(Records from a data collection)
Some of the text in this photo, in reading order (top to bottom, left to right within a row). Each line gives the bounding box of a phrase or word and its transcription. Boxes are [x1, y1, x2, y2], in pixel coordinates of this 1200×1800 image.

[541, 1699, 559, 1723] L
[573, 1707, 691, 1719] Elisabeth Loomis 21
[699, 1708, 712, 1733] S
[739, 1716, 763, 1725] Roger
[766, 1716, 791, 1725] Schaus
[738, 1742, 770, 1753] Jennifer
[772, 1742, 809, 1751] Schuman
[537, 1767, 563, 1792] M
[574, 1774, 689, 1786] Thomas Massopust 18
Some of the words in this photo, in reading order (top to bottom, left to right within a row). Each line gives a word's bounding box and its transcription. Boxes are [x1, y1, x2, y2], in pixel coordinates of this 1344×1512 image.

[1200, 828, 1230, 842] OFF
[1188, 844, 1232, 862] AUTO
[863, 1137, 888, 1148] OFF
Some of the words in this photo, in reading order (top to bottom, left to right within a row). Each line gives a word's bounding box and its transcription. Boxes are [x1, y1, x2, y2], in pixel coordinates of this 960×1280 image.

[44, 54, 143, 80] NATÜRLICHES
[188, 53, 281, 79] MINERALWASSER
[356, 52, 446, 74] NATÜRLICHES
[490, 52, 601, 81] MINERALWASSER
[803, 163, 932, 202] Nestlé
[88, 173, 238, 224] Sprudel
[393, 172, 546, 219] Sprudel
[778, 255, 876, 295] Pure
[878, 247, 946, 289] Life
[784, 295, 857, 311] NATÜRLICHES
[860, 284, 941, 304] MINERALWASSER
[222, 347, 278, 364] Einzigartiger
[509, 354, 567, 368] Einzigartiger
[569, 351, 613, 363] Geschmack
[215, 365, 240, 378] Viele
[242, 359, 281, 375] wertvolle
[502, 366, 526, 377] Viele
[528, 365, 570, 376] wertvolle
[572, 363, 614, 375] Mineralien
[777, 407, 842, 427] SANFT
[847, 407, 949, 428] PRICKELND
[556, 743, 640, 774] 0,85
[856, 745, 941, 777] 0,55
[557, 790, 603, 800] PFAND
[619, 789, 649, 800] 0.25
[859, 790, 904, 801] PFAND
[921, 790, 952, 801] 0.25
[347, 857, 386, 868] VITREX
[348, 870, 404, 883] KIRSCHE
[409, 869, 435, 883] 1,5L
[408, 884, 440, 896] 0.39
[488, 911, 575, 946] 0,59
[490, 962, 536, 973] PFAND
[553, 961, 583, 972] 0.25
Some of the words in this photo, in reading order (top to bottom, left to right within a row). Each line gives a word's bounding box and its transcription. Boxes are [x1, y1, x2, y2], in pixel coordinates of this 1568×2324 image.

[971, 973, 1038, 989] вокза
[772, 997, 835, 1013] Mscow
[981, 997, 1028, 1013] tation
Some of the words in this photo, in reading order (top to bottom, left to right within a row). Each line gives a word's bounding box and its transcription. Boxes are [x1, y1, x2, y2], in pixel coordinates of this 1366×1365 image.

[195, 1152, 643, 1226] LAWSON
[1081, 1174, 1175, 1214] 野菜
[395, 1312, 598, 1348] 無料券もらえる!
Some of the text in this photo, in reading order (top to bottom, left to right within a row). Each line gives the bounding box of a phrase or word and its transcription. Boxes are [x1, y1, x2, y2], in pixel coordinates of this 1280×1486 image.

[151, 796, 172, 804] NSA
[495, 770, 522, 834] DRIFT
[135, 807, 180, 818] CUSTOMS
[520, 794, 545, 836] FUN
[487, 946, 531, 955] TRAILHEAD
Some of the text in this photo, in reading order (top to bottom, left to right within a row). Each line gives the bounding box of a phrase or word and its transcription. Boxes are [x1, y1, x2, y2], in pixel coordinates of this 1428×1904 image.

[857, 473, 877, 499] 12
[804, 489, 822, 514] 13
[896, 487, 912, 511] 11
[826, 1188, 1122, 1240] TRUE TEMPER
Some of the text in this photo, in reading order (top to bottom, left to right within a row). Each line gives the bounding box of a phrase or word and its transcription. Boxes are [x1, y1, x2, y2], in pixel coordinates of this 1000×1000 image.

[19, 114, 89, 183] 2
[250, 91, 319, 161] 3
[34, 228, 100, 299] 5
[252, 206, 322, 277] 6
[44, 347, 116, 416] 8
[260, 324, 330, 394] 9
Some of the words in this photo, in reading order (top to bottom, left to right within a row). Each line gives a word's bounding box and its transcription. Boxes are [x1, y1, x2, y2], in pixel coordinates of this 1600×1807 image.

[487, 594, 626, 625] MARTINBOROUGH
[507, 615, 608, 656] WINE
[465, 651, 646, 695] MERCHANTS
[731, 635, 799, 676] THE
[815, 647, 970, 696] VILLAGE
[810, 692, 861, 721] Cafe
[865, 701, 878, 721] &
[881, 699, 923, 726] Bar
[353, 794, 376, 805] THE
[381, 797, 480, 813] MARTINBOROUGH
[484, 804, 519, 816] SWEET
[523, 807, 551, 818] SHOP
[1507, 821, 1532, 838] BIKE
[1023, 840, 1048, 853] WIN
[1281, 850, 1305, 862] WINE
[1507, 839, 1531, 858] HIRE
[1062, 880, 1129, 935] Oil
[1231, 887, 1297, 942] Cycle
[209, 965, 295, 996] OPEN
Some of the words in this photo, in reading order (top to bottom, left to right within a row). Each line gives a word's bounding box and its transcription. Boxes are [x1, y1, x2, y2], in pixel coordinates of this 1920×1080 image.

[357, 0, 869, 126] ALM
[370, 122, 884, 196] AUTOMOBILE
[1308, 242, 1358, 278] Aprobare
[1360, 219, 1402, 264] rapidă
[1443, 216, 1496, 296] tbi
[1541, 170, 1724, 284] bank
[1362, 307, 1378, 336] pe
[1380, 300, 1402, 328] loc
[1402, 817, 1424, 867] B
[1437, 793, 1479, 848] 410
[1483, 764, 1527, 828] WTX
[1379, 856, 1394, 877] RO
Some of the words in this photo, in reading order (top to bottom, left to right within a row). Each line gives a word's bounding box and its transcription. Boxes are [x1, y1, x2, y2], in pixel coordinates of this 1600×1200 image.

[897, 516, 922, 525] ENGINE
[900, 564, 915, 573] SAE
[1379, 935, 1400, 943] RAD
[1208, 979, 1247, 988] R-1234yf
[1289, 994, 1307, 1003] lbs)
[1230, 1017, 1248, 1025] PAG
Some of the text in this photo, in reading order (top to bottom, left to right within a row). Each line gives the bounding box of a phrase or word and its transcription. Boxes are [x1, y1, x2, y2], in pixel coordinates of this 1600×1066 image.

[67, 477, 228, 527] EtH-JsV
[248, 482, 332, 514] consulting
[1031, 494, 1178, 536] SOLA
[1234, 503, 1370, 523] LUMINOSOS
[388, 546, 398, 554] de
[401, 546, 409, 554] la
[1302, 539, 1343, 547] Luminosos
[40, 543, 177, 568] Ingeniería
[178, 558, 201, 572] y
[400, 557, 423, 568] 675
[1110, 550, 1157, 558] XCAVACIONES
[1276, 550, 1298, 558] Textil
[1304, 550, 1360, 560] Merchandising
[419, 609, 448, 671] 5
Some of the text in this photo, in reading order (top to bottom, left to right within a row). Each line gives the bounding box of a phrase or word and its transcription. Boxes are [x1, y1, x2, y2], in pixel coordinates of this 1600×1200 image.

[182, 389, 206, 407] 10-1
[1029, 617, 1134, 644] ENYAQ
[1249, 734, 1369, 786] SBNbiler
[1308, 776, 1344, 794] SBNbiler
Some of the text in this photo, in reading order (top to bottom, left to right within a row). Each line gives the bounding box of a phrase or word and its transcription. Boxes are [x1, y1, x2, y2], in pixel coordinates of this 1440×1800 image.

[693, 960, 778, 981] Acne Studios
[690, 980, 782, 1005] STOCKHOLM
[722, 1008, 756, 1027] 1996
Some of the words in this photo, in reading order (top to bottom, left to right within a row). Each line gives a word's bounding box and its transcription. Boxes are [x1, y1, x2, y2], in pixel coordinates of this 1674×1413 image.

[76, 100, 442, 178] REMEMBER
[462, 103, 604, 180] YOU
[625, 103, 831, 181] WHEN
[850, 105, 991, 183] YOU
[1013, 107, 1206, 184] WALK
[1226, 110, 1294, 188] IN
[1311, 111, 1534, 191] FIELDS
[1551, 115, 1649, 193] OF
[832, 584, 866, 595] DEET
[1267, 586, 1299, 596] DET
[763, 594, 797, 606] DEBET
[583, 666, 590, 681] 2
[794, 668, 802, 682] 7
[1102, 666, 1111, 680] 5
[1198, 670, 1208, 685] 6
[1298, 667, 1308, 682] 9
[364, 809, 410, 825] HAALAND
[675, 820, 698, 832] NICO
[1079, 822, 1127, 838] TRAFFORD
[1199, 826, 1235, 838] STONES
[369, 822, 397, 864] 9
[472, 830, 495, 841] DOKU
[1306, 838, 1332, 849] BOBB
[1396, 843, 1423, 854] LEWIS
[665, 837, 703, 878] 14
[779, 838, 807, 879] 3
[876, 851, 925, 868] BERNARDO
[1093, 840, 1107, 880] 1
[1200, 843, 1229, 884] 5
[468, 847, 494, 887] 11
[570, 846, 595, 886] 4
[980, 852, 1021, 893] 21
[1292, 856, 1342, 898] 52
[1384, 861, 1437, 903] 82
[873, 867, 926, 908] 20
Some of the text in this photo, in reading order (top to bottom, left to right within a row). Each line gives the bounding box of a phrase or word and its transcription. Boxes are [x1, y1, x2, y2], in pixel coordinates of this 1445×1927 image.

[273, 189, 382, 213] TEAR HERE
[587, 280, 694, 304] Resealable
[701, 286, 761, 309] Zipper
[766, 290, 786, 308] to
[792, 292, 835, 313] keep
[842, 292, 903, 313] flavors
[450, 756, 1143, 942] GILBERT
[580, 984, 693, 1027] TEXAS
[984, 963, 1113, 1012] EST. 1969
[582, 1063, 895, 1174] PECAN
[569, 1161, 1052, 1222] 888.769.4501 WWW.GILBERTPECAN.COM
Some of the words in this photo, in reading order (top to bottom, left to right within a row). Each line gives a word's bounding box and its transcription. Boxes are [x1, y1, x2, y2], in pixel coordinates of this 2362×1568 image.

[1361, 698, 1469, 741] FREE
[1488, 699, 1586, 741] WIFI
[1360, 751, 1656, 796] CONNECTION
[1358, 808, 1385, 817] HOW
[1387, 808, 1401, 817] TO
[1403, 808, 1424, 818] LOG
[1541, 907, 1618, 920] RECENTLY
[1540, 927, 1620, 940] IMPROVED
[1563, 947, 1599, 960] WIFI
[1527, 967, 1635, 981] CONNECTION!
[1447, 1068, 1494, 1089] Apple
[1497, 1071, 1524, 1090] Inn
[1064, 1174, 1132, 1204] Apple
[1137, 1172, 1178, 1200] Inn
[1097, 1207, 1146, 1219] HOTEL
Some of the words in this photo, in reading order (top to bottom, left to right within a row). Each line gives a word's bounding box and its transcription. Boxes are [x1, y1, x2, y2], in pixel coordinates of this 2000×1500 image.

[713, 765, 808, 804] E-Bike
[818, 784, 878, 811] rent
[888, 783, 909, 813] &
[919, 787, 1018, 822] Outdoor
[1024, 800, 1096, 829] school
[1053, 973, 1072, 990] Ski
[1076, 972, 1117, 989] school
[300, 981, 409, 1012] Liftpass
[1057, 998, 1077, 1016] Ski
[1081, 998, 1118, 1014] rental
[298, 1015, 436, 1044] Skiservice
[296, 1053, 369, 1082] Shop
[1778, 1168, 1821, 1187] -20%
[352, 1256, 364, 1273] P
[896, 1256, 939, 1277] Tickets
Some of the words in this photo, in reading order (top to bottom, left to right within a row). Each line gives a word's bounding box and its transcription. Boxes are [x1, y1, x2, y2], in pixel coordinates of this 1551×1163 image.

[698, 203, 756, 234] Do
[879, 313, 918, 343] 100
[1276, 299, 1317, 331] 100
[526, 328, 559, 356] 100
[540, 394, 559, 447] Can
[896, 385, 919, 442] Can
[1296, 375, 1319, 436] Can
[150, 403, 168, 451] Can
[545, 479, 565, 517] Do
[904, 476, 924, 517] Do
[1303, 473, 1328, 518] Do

**WHAT YOU WILL DO**
Only one stretch of the data is wanted: the lines from the one with "this 2000×1500 image." through the last, repeated exactly.

**SOLUTION**
Some of the words in this photo, in reading order (top to bottom, left to right within a row). Each line gives a word's bounding box and its transcription. Boxes are [x1, y1, x2, y2], in pixel coordinates of this 2000×1500 image.

[713, 765, 808, 804] E-Bike
[818, 784, 878, 811] rent
[888, 783, 909, 813] &
[919, 787, 1018, 822] Outdoor
[1024, 800, 1096, 829] school
[1053, 973, 1072, 990] Ski
[1076, 972, 1117, 989] school
[300, 981, 409, 1012] Liftpass
[1057, 998, 1077, 1016] Ski
[1081, 998, 1118, 1014] rental
[298, 1015, 436, 1044] Skiservice
[296, 1053, 369, 1082] Shop
[1778, 1168, 1821, 1187] -20%
[352, 1256, 364, 1273] P
[896, 1256, 939, 1277] Tickets
Some of the words in this photo, in reading order (top to bottom, left to right within a row). Each line gives a word's bounding box and its transcription. Boxes are [x1, y1, x2, y2], in pixel coordinates of this 1551×1163 image.

[698, 203, 756, 234] Do
[879, 313, 918, 343] 100
[1276, 299, 1317, 331] 100
[526, 328, 559, 356] 100
[540, 394, 559, 447] Can
[896, 385, 919, 442] Can
[1296, 375, 1319, 436] Can
[150, 403, 168, 451] Can
[545, 479, 565, 517] Do
[904, 476, 924, 517] Do
[1303, 473, 1328, 518] Do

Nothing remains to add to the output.